È dunque evidente per tutti, che tutti coloro che credono nel Cristo di qualsiasi stato o rango, sono chiamati alla pienezza della vita cristiana e alla perfezione della carità e che tale santità promuove nella stessa società terrena un tenore di vita più umano. Per raggiungere questa perfezione i fedeli usino le forze ricevute secondo la misura con cui Cristo volle donarle, affinché, seguendo l’esempio di lui e diventati conformi alla sua immagine, in tutto obbedienti alla volontà del Padre, con piena generosità si consacrino alla gloria di Dio e al servizio del prossimo. Così la santità del popolo di Dio crescerà in frutti abbondanti, come è splendidamente dimostrato nella storia della Chiesa dalla vita di tanti santi.

Dal Vangelo secondo Marco 12,28b-34: In quel tempo, si avvicinò a Gesù uno degli scribi e gli domandò: «Qual è il primo di tutti i comandamenti?». Gesù rispose: «Il primo è: “Ascolta, Israele! Il Signore nostro Dio è l’unico Signore; amerai il Signore tuo Dio con tutto il tuo cuore e con tutta la tua anima, con tutta la tua mente e con tutta la tua forza”. Il secondo è questo: "Amerai il tuo prossimo come te stesso". Non c’è altro comandamento più grande di questi». Lo scriba gli disse: «Hai detto bene, Maestro, e secondo verità, che Egli è unico e non vi è altri all’infuori di lui; amarlo con tutto il cuore, con tutta l’intelligenza e con tutta la forza e amare il prossimo come se stesso vale più di tutti gli olocàusti e i sacrifici». Vedendo che egli aveva risposto saggiamente, Gesù gli disse: «Non sei lontano dal regno di Dio». E nessuno aveva più il coraggio di interrogarlo.

La risposta che Gesù suggerisce allo scriba non è una novità in quanto nelle scuole rabbiniche era aperto il dibattito sul “cuore” della legge, e l’affermazione che esso consistesse nell’amore di Dio e del prossimo non era sconosciuta. La novità sta nel fatto che Gesù unifica un testo del Deuteronomio (6,4-5) con un testo del Levitico (19,18). Nelle parole di Gesù va colta una profonda verità: l’amore dell’uomo nasce da quello di Dio, e deve commisurarsi su di esso. Nella replica dello scriba poi si coglie una osservazione polemica contro il culto.

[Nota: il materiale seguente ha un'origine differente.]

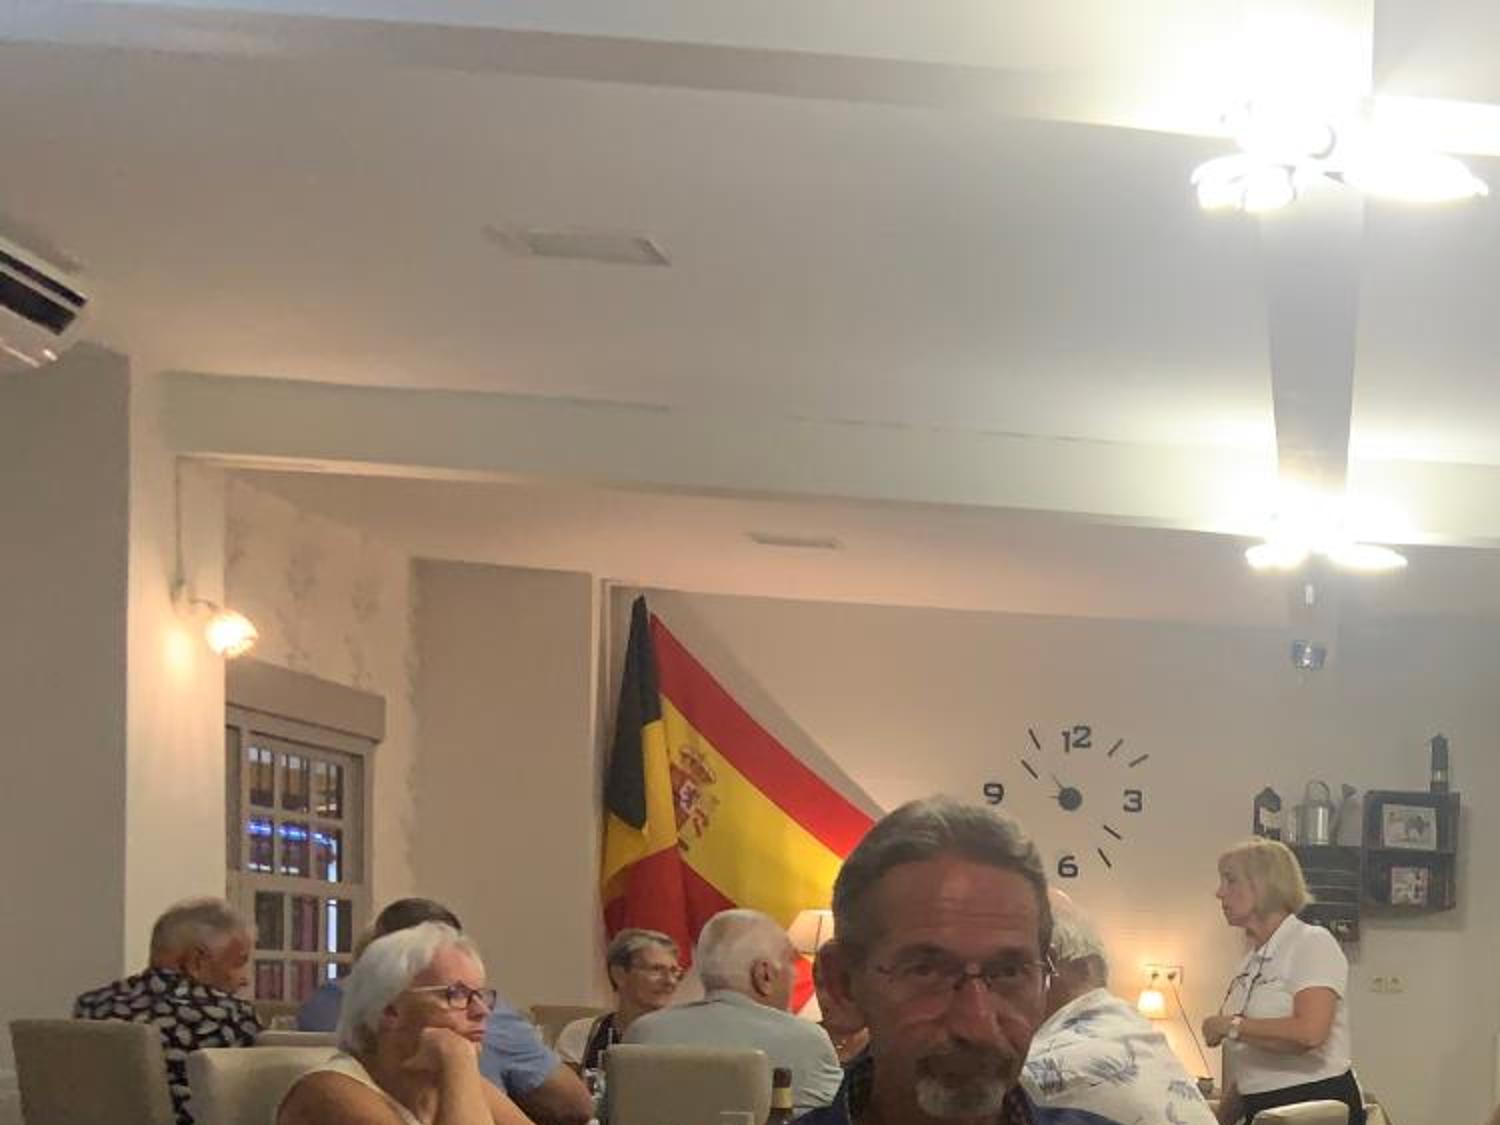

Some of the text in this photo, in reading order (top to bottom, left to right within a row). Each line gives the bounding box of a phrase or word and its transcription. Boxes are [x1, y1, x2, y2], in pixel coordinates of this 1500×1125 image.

[1061, 725, 1092, 753] 12
[983, 783, 1005, 806] 9
[1122, 789, 1143, 812] 3
[1057, 855, 1079, 878] 6

Infatti, è sempre in agguato il rischio che le pratiche cultuali ingombrino l’anima e la distraggano dalla giustizia: la vera preghiera invece non sostituisce l’amore, ma ne è al servizio. Se si capovolgesse l’ordine, l’uomo diverrebbe il nostro idolo, ne cercheremmo l’approvazione e ci prostreremmo davanti a lui.

Qual è il primo di tutti i comandamenti? - José Maria Gonzalez-Ruiz: L’unione del primo comandamento col secondo era già avvenuta in seno al giudaismo, ma il senso universale del «prossimo» non doveva essere comune nella teologia ebraica.

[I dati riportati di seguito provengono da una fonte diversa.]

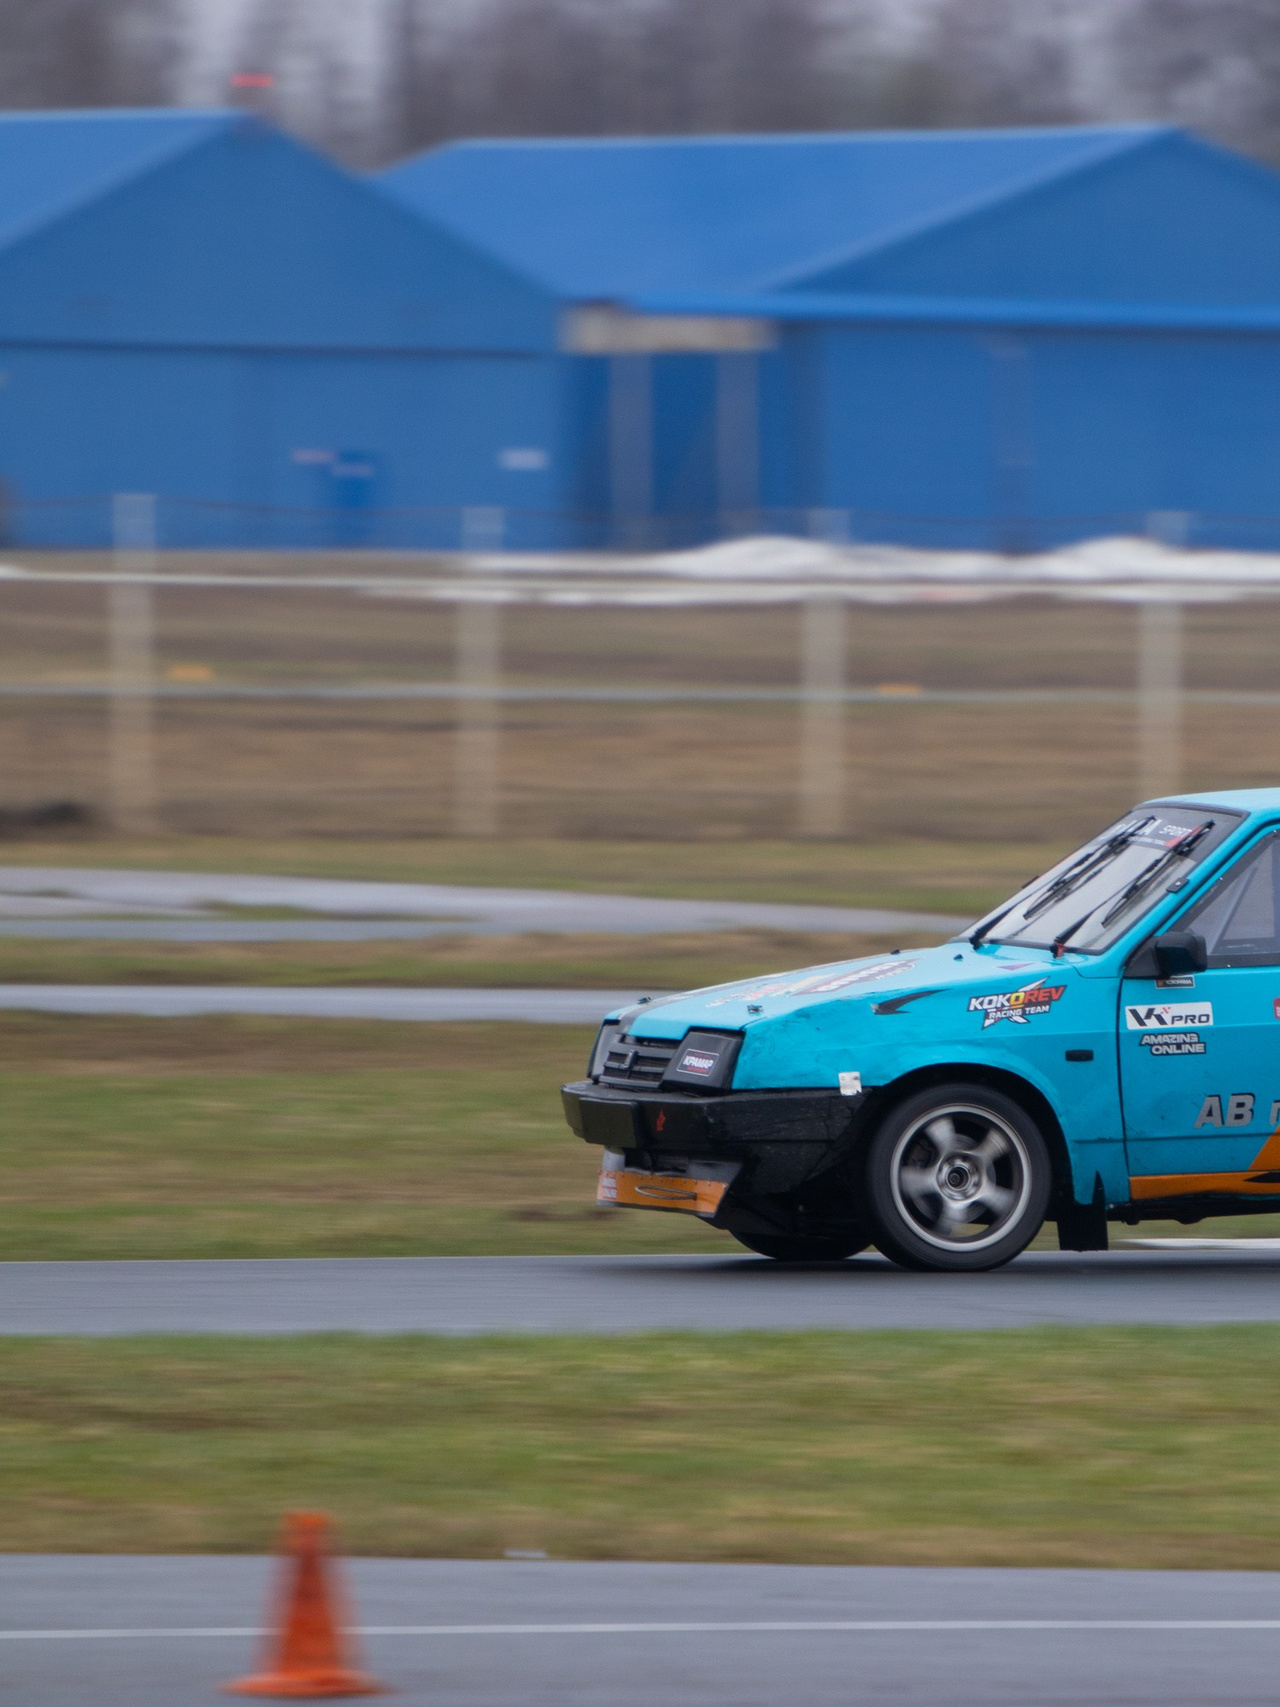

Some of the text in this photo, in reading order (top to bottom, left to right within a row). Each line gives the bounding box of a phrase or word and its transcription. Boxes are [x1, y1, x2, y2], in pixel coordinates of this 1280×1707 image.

[969, 986, 1065, 1011] KOKOREV
[989, 1005, 1050, 1019] RACING TEAM
[1171, 1013, 1210, 1025] PRO
[1141, 1033, 1198, 1044] AMAZING
[1151, 1043, 1205, 1055] ONLINE
[1194, 1093, 1255, 1128] АВ

«Prossimo» era colui che apparteneva al popolo eletto o almeno un proselito che accettava le regole del gioco.
Lo scriba aggiunge una cosa molto cara al nostro evangelista il culto non ha valore se non e unito strettamente con l’amore del prossimo. Gesù costata finalmente che anche fra gli scribi vi erano quelli che non erano lontani dal regno di Dio.
Nella storia del cristianesimo resterà sempre viva la polemica sulla tensione fra il primo e il secondo comandamento. Specialmente noi occidentali non sappiamo afferrare tutta la dialettica che unisce inseparabilmente i due comandamenti. Parliamo di verticalismo (verso Dio) e di orizzontalismo (verso il prossimo), di antropocentrismo e di teocentrismo, senza mai comprendere che la cosa più essenziale del cristianesimo è la combinazione dialettica fra Dio e il prossimo.

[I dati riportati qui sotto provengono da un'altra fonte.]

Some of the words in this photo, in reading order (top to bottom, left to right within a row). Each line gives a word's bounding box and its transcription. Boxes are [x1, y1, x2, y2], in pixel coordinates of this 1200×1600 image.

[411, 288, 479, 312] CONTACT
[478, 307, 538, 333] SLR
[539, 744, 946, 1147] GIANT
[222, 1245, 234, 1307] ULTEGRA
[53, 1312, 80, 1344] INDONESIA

Il verticalismo teocentrico si rivela in un tipo di pietà introversa, che rifugge dal «mondo» e si rifugia irrevocabilmente nei luoghi solitari. La storia del cristianesimo presenta esempi sconcertanti di questa fuga dal mondo. Dobbiamo riconoscere che il cristianesimo ortodosso è quello che si è distinto maggiormente sotto questo aspetto: ne resta un esempio insigne nella santa penisola del Monte Athos che sopravvive dopo più di mille anni. Fra i cattolici la vita monastica ha avuto molte metamorfosi e subisce gli inevitabili cambiamenti della società nella quale è inserita.
Tuttavia la discussione è ancora d’attualità. È avvenuto spesso che i «religiosi» - immersi nella pratica di riti venerabili - siano i più insensibili di fronte al prossimo di turno. Nella migliore delle ipotesi, essi conservano del «prossimo» un’idea anacronistica, riducendolo al povero mendico che si aggirava per le vecchie città di tipo medievale.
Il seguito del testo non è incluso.